There’s a sense in your piece of recognisable characters—a mother and her foibles, the narrator, her Russian nesting doll brothers—brushing up against something that complicates this recognition. A teen pregnancy is complicated when revealing the teen has given birth to a games console. A gulf opens between what we think we recognise and what may be happening in the story. How did you approach writing the characters with this kind of double life? Did it affect how they functioned in the piece?
I focused on creating relatable characters who struggle with the same things we struggle with; human connection, expectation, disappointment, anxiety, and resilience. Despite moving around in a world where their external realities differ from ours, I wanted their internal expression to feel very much immersed in the human condition. The Russian doll brothers may indeed stack when they sleep, but they are also simply fulfilling roles expected of them, in the same way the narrator fights against what is expected of her.
In the piece there’s a sense of possibility diffused in everything, like everything has the potential to be different from what we think. What were the inspirations in writing this piece?

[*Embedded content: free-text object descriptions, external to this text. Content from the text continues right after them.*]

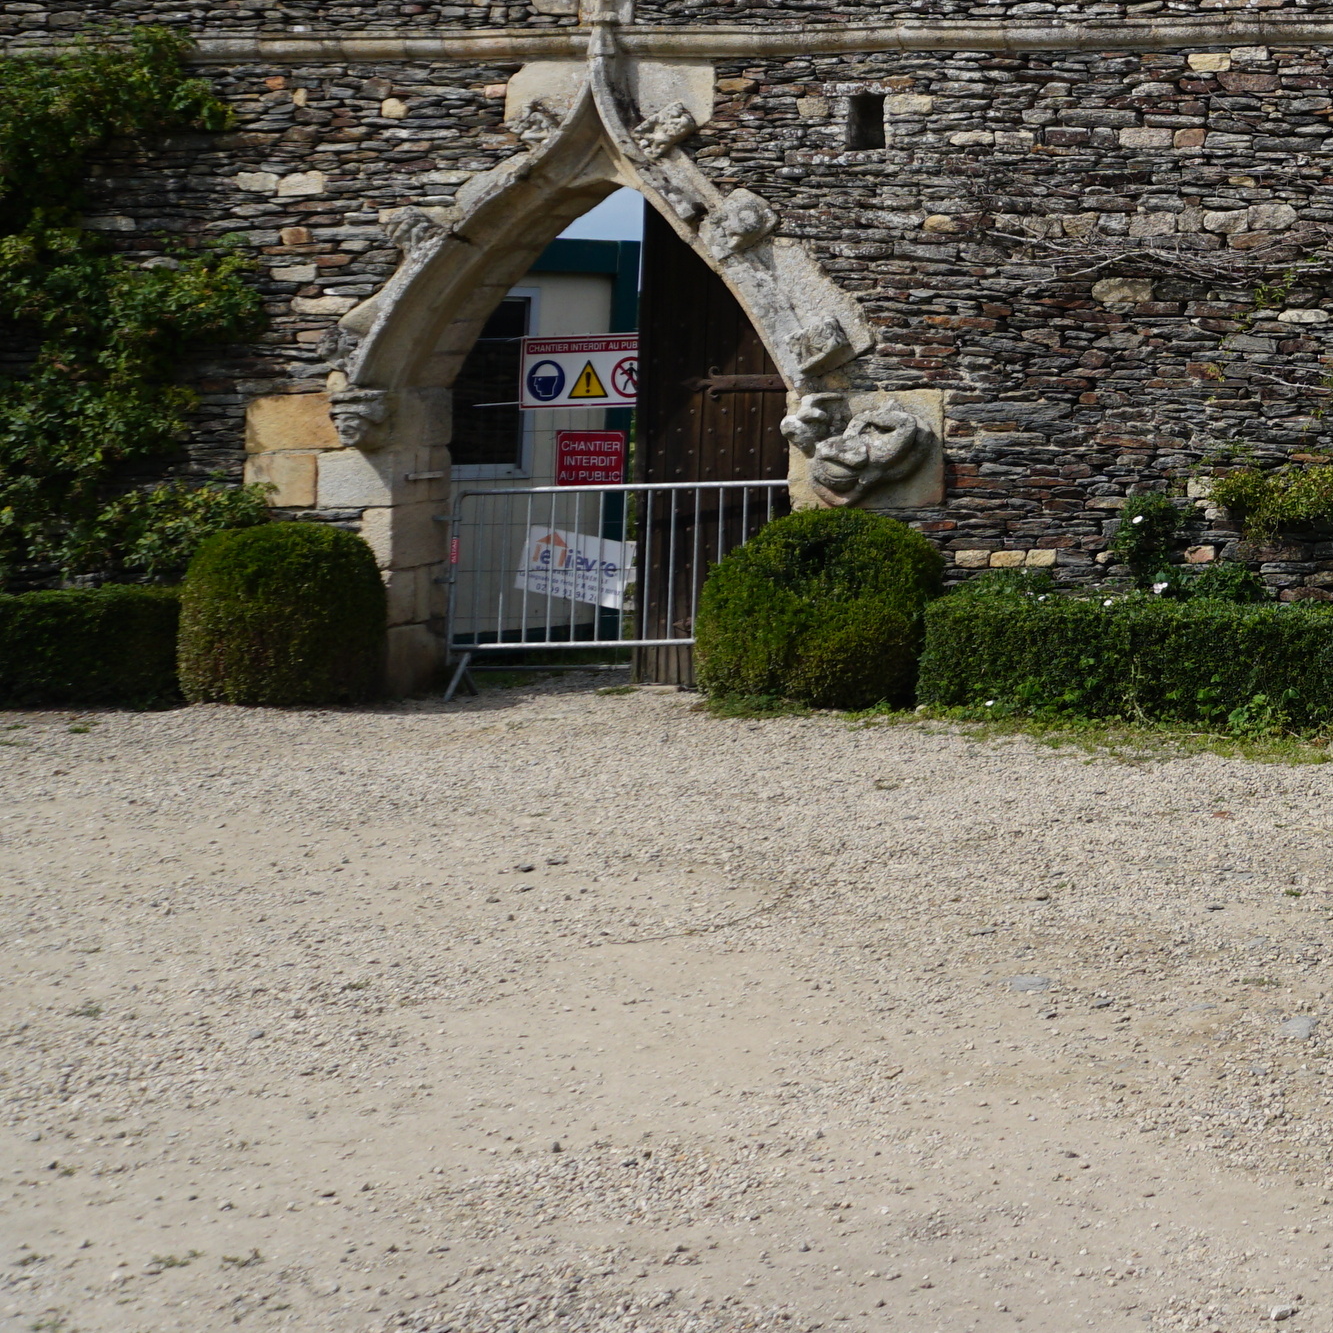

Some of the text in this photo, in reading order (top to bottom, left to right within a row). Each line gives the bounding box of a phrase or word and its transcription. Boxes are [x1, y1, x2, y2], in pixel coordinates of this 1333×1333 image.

[529, 343, 569, 353] CHANTIER
[570, 342, 606, 351] INTERDIT
[608, 341, 619, 350] AU
[561, 441, 620, 452] CHANTIER
[563, 455, 617, 466] INTERDIT
[559, 470, 620, 482] AU PUBLIC

Was there a point where you feel it could have been an entirely different piece, and if so, what were the points—narrative, thematic, an image—the story coalesced around?

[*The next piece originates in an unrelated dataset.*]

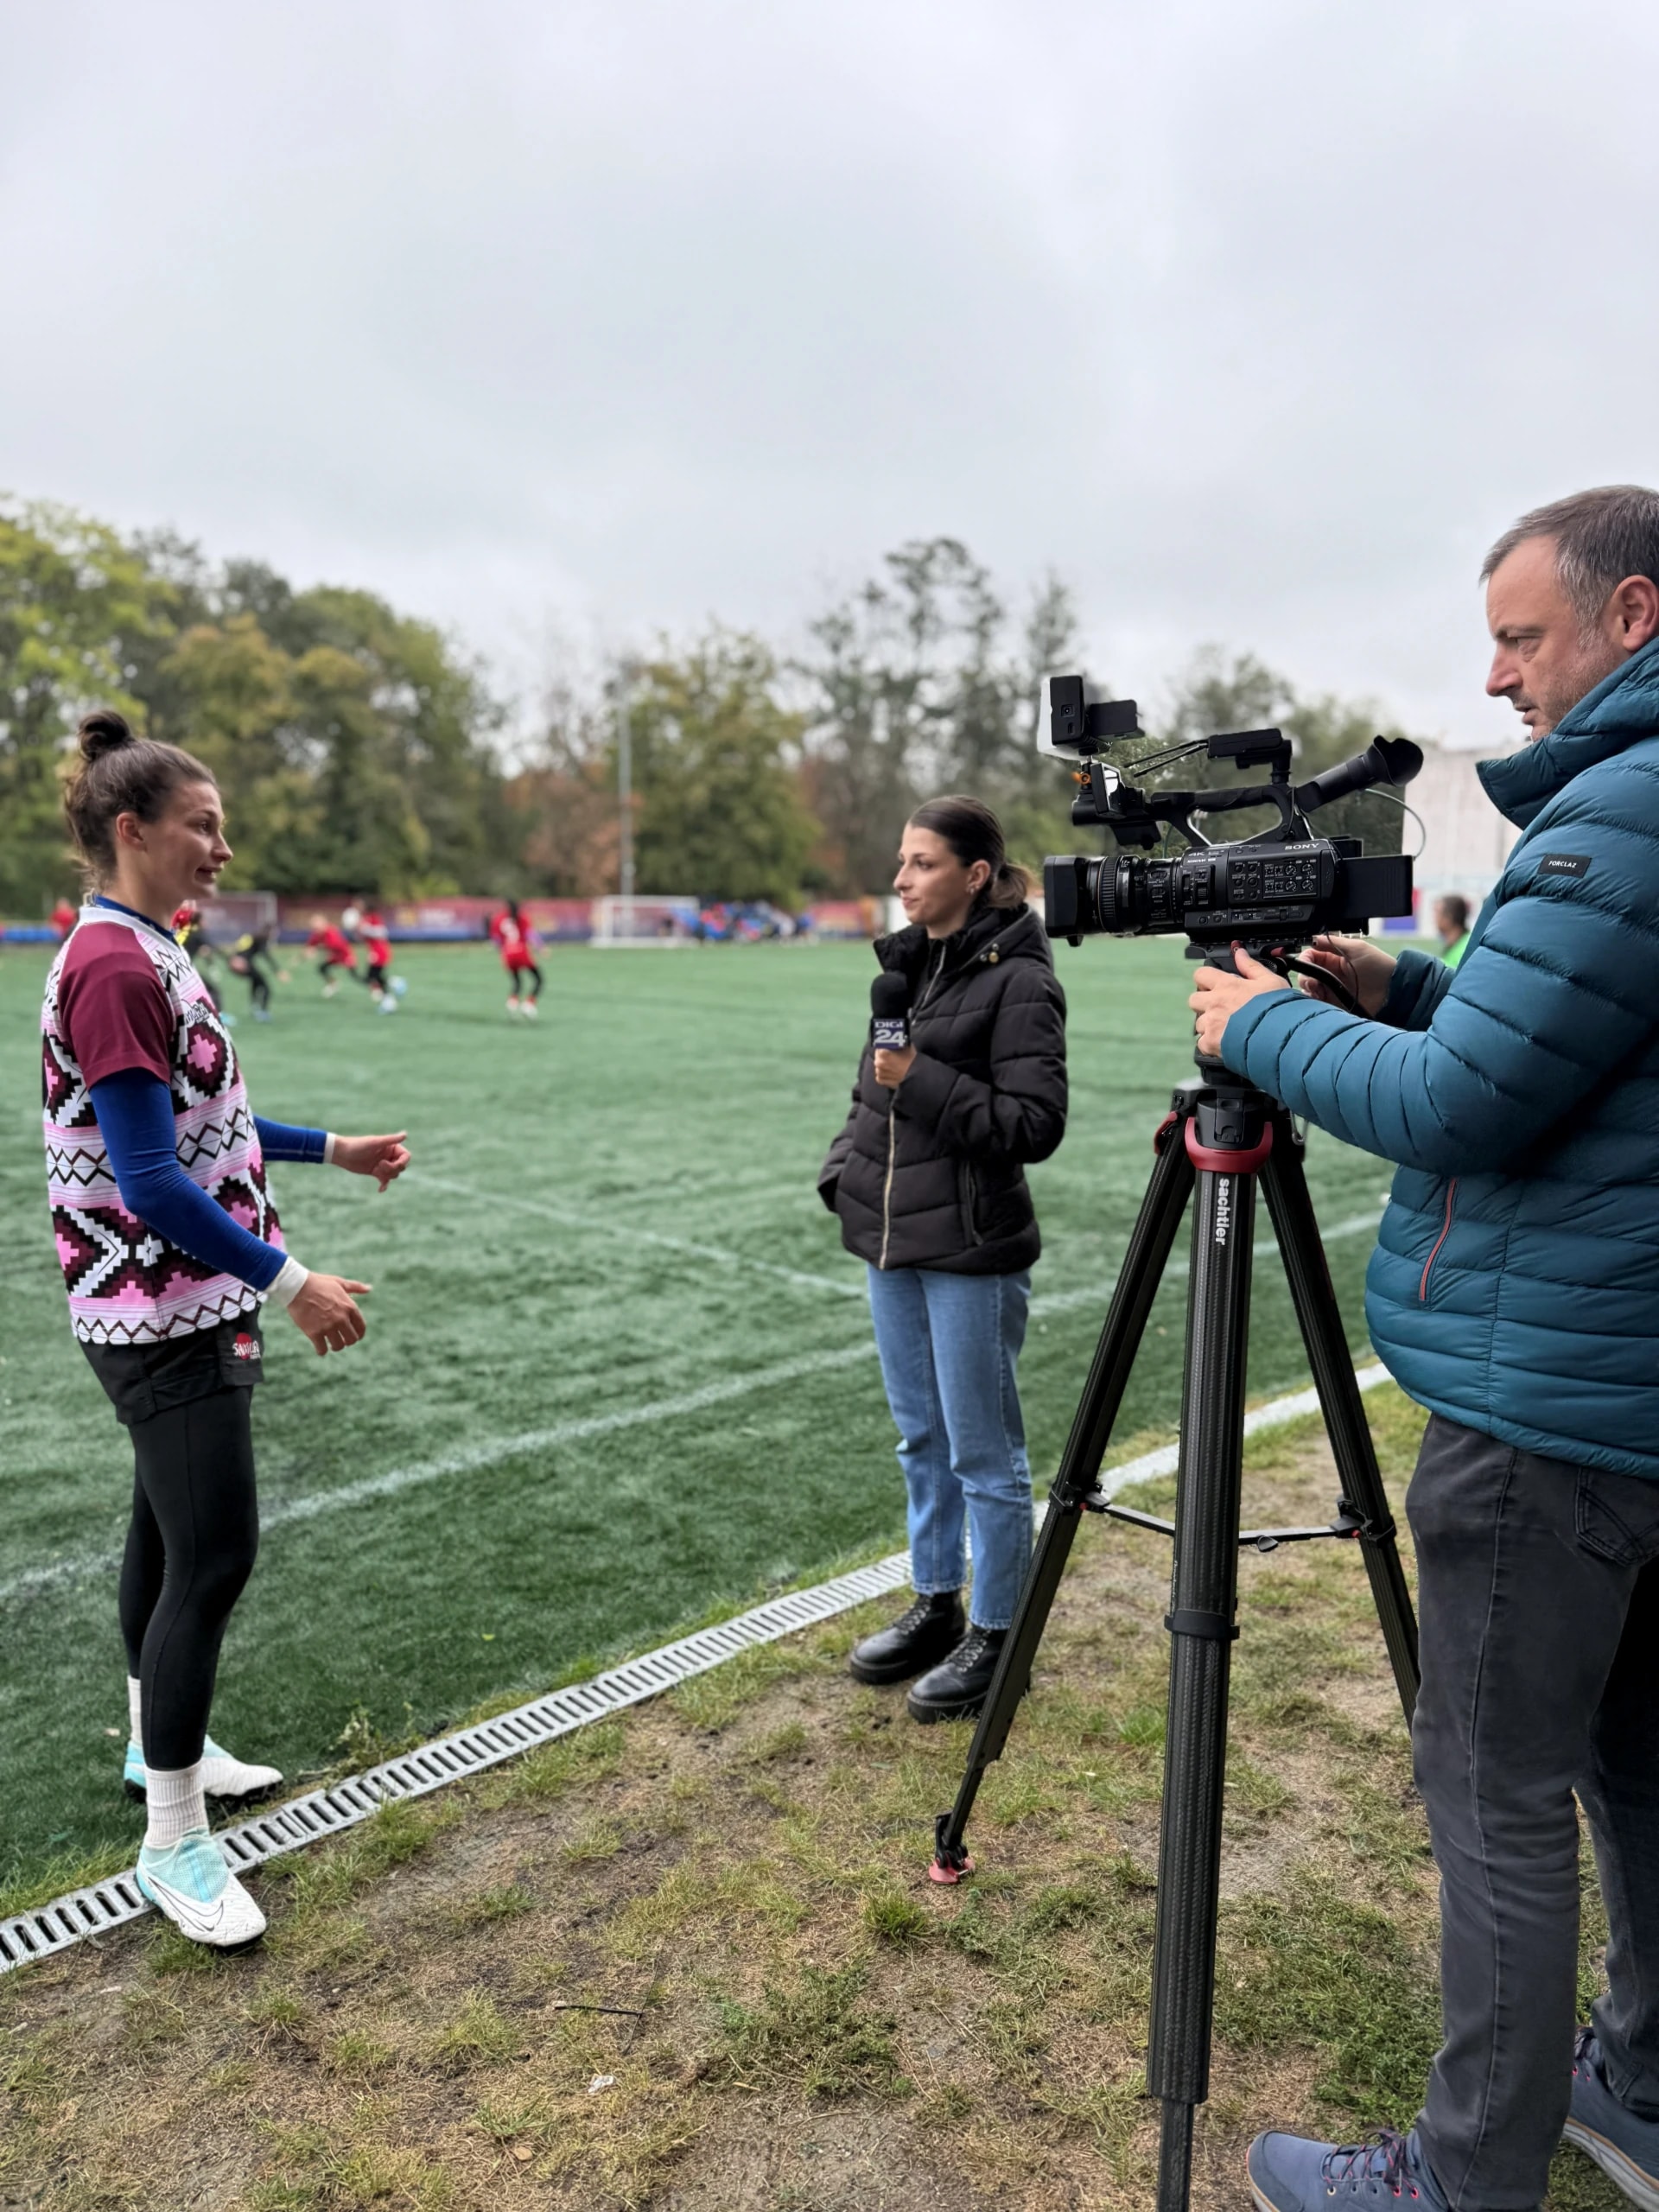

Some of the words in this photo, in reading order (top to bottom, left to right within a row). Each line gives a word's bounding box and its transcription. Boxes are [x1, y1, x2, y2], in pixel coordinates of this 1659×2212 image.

As a visual artist my writing often begins in a very visual space. My first draft saw the behaviours and emotions of the characters follow a much more fantastical story arc. The mother, when finding out about Mrs. Sampson’s pregnancy, howled uncontrollably at the moon and refused to walk, instead sliding on the floor like a slug. The brothers spoke in riddles and sucked their own toes. Mountains of dirty socks buried the house after crawling around like rats and the pea that rolled under the chair had thoughts of its own. The themes of the story were still present, but they needed to be coaxed to the forefront. The role of the fantastical was to strengthen the piece’s relatability, not distract from it. Paring back and creating imagery to compliment the themes and emotions running through the piece allowed me to find a more balanced mix of relatability and absurdity.